Le privilège parlementaire / Droits des députés
Protection contre l’obstruction, l’ingérence, l’intimidation et la brutalité : nuire à la réputation d’un député; mauvaise utilisation des ressources de la Chambre
Débats, p. 4780-4781
Contexte
Le 22 septembre 2010, Candice Hoeppner (Portage–Lisgar) soulève la question de privilège au sujet d’un communiqué envoyé aux médias par courriel par l’attaché de presse de Michael Ignatieff (leader de l’Opposition officielle). Mme Hoeppner soutient qu’en plus de contenir des commentaires qu’elle qualifie d’attaque à sa réputation, le communiqué constitue une mauvaise utilisation des ressources de la Chambre ayant servi à transmettre de l’information erronée sur un député. Après avoir entendu d’autres députés, le Président réserve sa décision[1].
Résolution
Le Président rend sa décision le 5 octobre 2010. En ce qui concerne la mauvaise utilisation alléguée des ressources de la Chambre, il renvoie à une décision du 12 février 2009[2] et confirme qu’il revient aux députés et non à la présidence de surveiller le contenu des courriels et autres communications électroniques. Il précise aussi que ces communications ne sont pas nécessairement protégées par le privilège et pourraient donc exposer les députés à des poursuites. En ce qui concerne les commentaires ou déclarations formulés à l’extérieur de la Chambre, le Président affirme que ses prédécesseurs ont toujours statué que la présidence n’était pas censée intervenir dans de telles questions. Quant à l’allégation selon laquelle le communiqué aurait terni la réputation de Mme Hoeppner, le Président aborde les précédents qu’elle a cités, en particulier celui traitant des bulletins envoyés dans la circonscription de Sackville–Eastern Shore, où le Président avait conclu qu’il y avait, de prime abord, matière à question de privilège[3]. Il déclare que les deux affaires diffèrent en plusieurs points. Tout d’abord, l’affaire Stoffer concernait des bulletins payés sur un budget central de la Chambre. Ensuite, les bulletins avaient été envoyés dans la circonscription du député lésé par un autre député. Enfin, l’information qui s’y trouvait était inexacte sur le plan des faits, de sorte qu’on y déformait carrément la position du député sur une question donnée. Le Président estime que Mme Hoeppner n’a pas été gênée dans l’exécution de ses fonctions parlementaires et que les arguments présentés ne peuvent l’amener à conclure qu’il y a, de prime abord, matière à question de privilège.
Décision de la présidence
Le Président : Je suis maintenant prêt à rendre ma décision sur la question de privilège soulevée le 22 septembre 2010, par l’honorable députée de Portage–Lisgar au sujet d’un communiqué diffusé par courriel par l’attaché de presse du leader de l’Opposition officielle.

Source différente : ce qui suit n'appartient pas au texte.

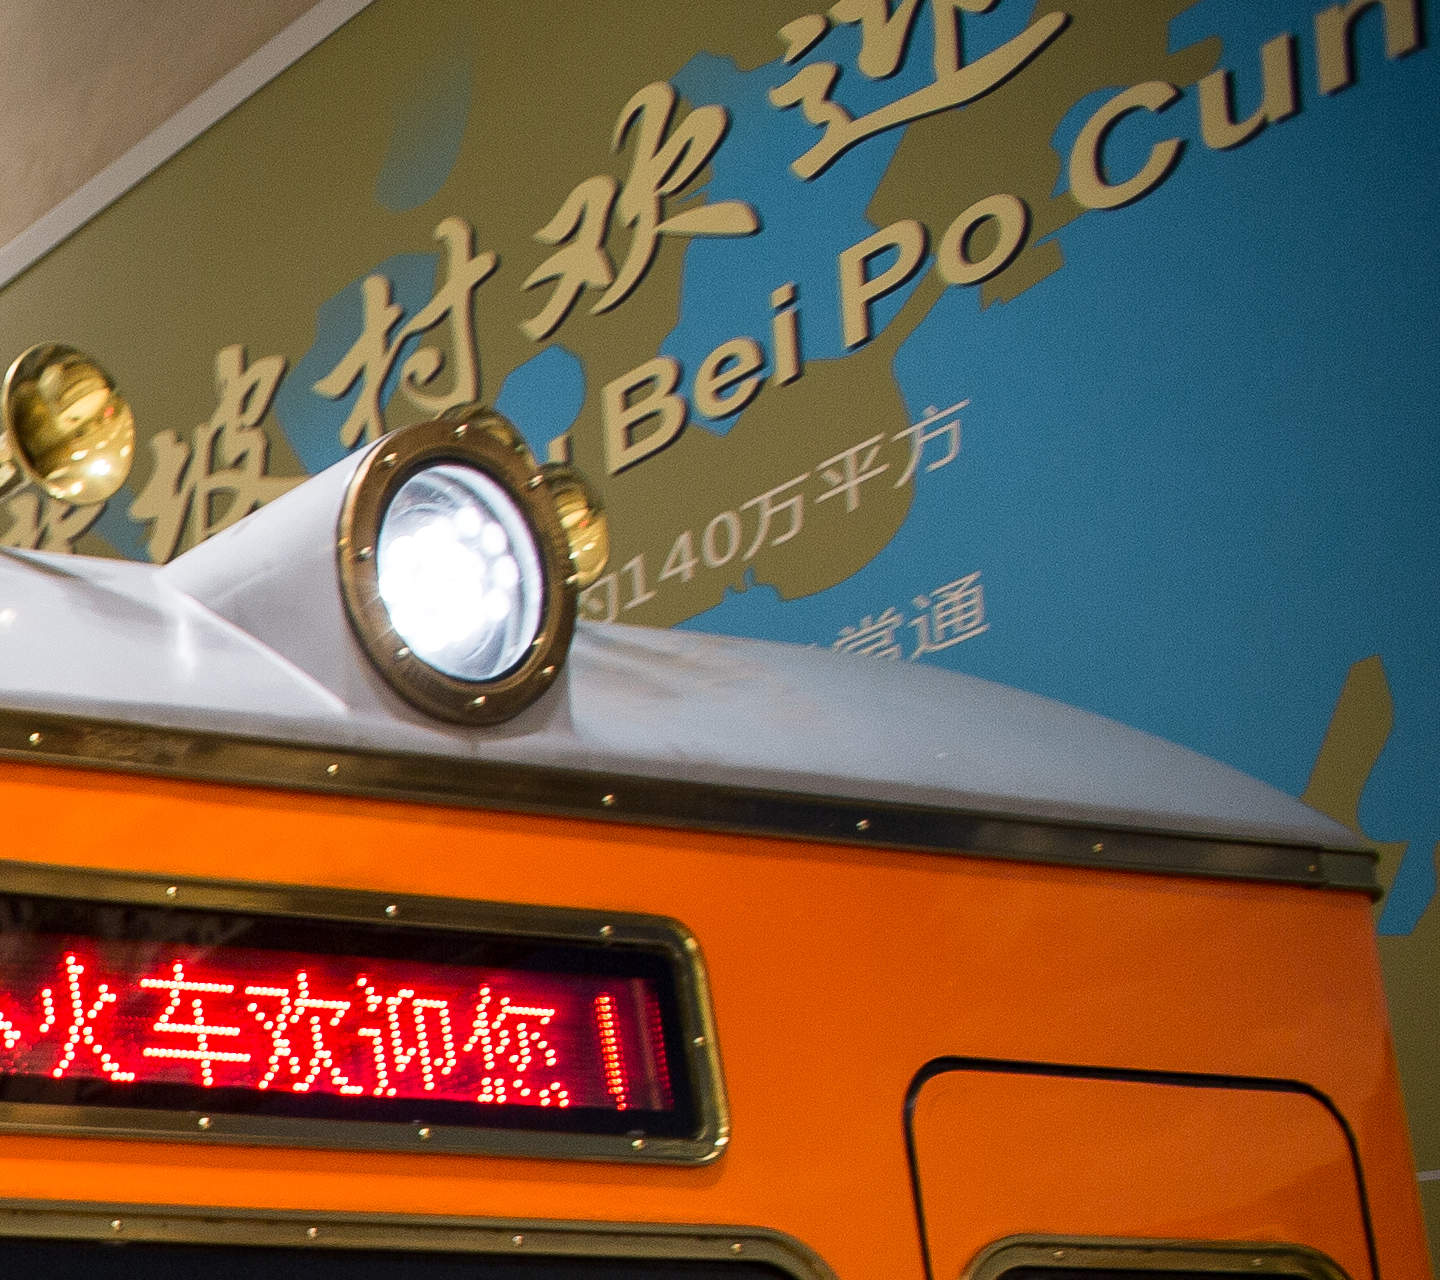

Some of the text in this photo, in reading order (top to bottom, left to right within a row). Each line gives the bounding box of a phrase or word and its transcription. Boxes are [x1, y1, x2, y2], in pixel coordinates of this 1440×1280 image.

[600, 0, 1432, 478] Bei Po Cun

Je remercie l’honorable députée de Portage–Lisgar d’avoir soulevé cette question, ainsi que l’honorable leader du gouvernement à la Chambre, l’honorable leader de l’Opposition officielle à la Chambre et l’honorable député d’Outremont pour leurs interventions.
Lorsqu’elle a soulevé sa question de privilège, la députée de Portage–Lisgar a déclaré qu’en plus de renfermer des commentaires qu’elle a qualifiés d’attaque à sa réputation, le communiqué en question constituait une mauvaise utilisation des ressources de la Chambre.
Le leader de l’Opposition officielle à la Chambre a fait valoir que, lues dans leur contexte, les déclarations contenues dans le communiqué présentaient une interprétation raisonnable des propos tenus par la députée de Portage–Lisgar lors d’une entrevue accordée à la radio de la CBC et que, par conséquent, ces déclarations relevaient simplement du discours et du débat public.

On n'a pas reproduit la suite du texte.